Your output should reproduce each entry exactly, with none of its pictures.
++++++++++++++++++++
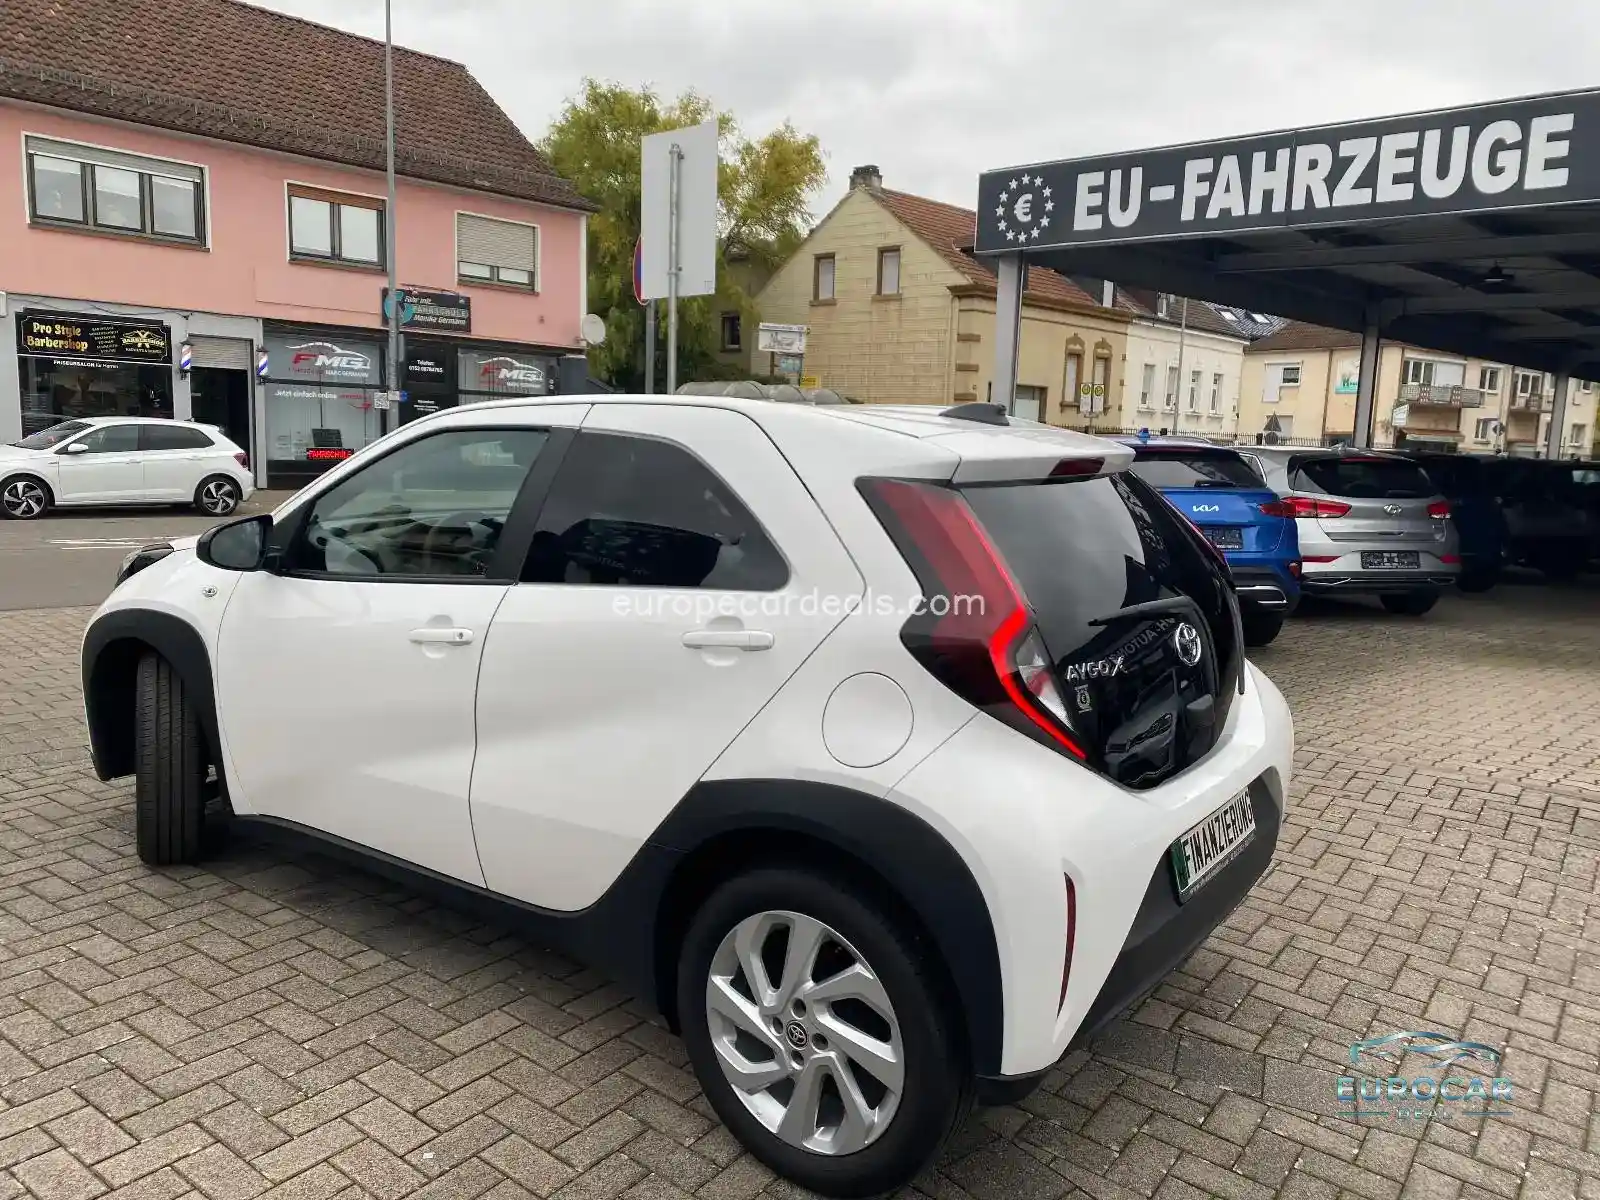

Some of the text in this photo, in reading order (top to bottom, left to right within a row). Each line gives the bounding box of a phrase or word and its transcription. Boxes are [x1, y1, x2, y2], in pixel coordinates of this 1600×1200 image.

[1073, 113, 1575, 232] EU-FAHRZEUGE
[26, 335, 88, 352] Barbershop
[32, 322, 52, 334] Pro
[54, 324, 81, 338] Style
[1181, 789, 1253, 879] FINANZIERUNG
++++++++++++++++++++
**Exercise solution**
Some of the text in this photo, in reading order (top to bottom, left to right within a row). Each line gives the bounding box of a phrase or word and its transcription. Boxes are [x1, y1, x2, y2], in pixel coordinates of this 1600×1200 image.

[1073, 113, 1575, 232] EU-FAHRZEUGE
[26, 335, 88, 352] Barbershop
[32, 322, 52, 334] Pro
[54, 324, 81, 338] Style
[1181, 789, 1253, 879] FINANZIERUNG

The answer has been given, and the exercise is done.